Elkins emigrated from his native Australia to the United States in 1963, at the height of the Space Race, after being recruited by the scientific research program of the United States Air Force. Beginning in the early 1960s, he conducted research focused mainly on the upper atmosphere and ionosphere, and improvements to ground, airborne, and space-based ISTAR systems, including over-the-horizon radar systems.

In addition to his work at Hanscom Air Force Base, much of his early research was also conducted at Sagamore Hill Radio Observatory, a ground-based solar observatory located in Hamilton, Massachusetts. Sagamore Hill Solar Radio Observatory is a functional component of the Radio Solar Telescope Network (RSTN).

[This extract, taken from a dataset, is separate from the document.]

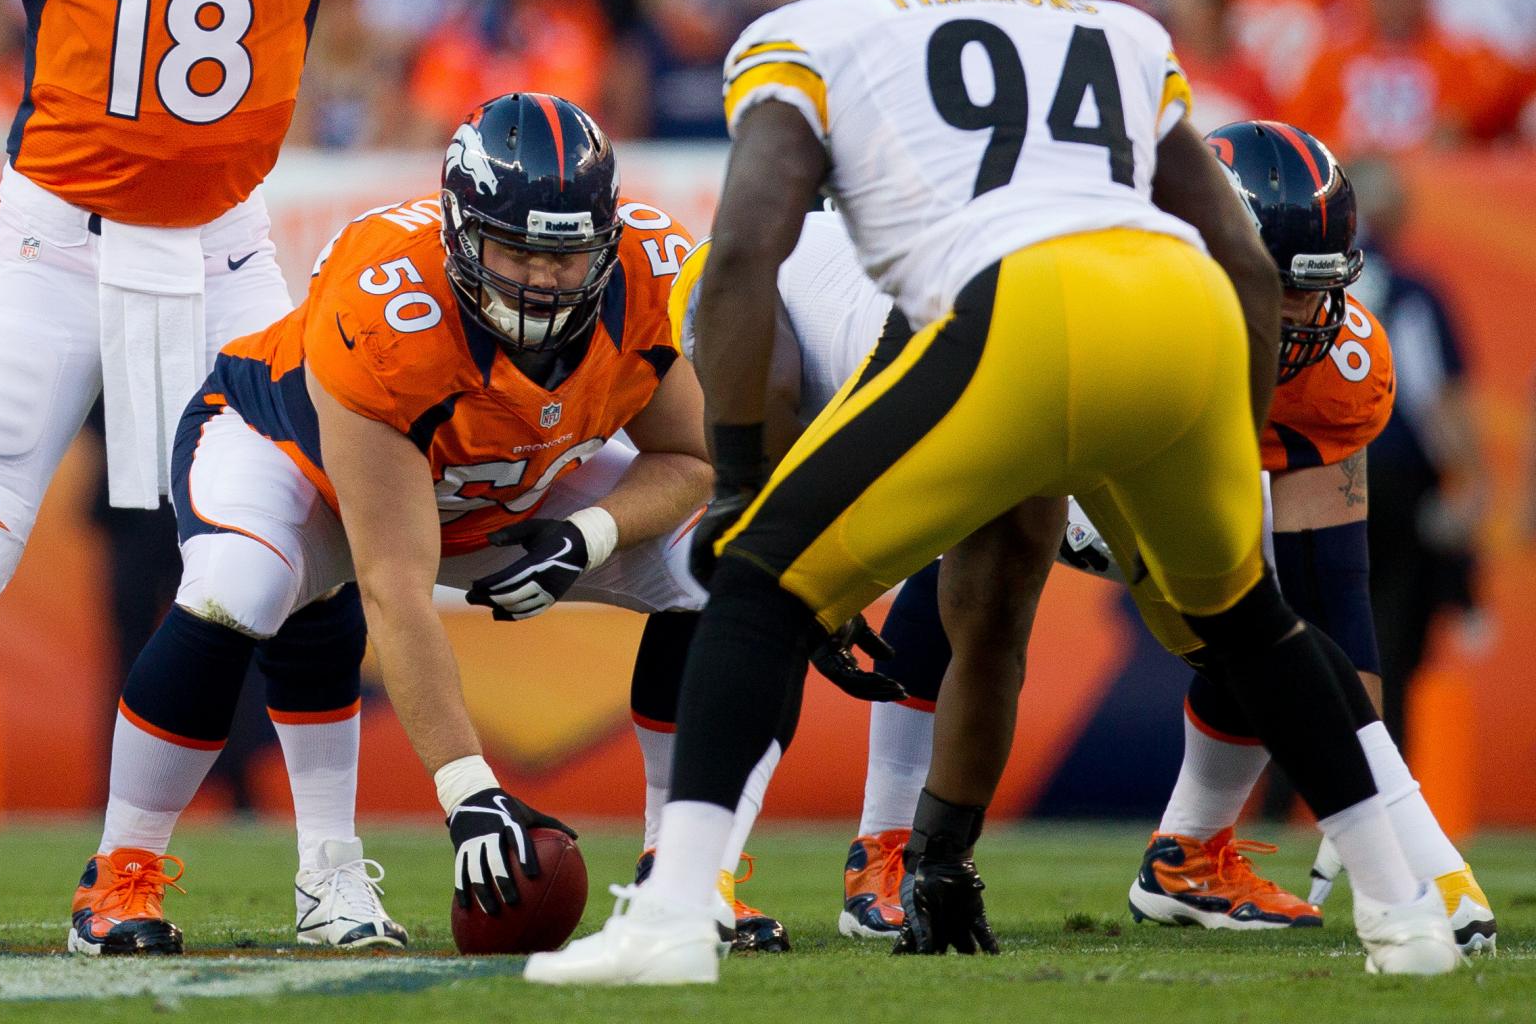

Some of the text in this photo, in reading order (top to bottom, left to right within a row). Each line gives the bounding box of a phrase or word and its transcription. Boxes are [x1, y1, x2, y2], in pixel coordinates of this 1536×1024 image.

In 1980, he developed and published an auroral echo-scattering model to predict the obscuration of targets when the radar transmission path is through the polar regions of Earth.

==Development of the AN/FPS-118 air defence radar system==
Under the universal classification system for electronic radar and tracking systems, the letters “AN” (for Army-Navy) are placed ahead of a three-letter code. The first letter of the three-letter code denotes the type of platform hosting the electronic device, where A=Aircraft; F=Fixed (land-based); S=Ship-mounted; T=Ground transportable. The second letter indicates the type of device, where P=Radar (pulsed); Q=Sonar; R=Radio. The third letter indicates the function of the radar system device, where G=Fire control; R=Receiving; S=Search; T=Transmitting. Thus, the AN/FPS-115 represents the 115th design of an Army-Navy “Fixed, Radar, Search” electronic device.

Elkins was part of a team of Rome Air Development Center (RADC) engineers that developed and constructed components for frequency modulation/continuous wave (FM/CW) radars capable of detecting and tracking objects at over-the-horizon ranges. A prototype radar was installed and evaluated on 15 September 1970. The system incorporated a Beverage array receiving antenna located at Columbia Falls Air Force Station, a high-power transmitter array located at Moscow Air Force Station, and an operations center located at Bangor International Airport. This prototype became operational on 30 October of that year. Experimental transmissions from the Maine site covered a 60° sector from 16.5° to 76.5° azimuth and from 900 to 3,300 km in range from the radar.

Based on the success of these early experiments, the United States Department of Defense proposed to deploy a fully operational radar system. This radar system, covering 180° in azimuth, was built at the same locations in Maine. Initial testing was conducted from June 1980 to June 1981. GE Aerospace (now Lockheed Martin Ocean, Radar and Sensor Systems) received a contract in mid-1982 for full-scale development of the AN/FPS-118 program.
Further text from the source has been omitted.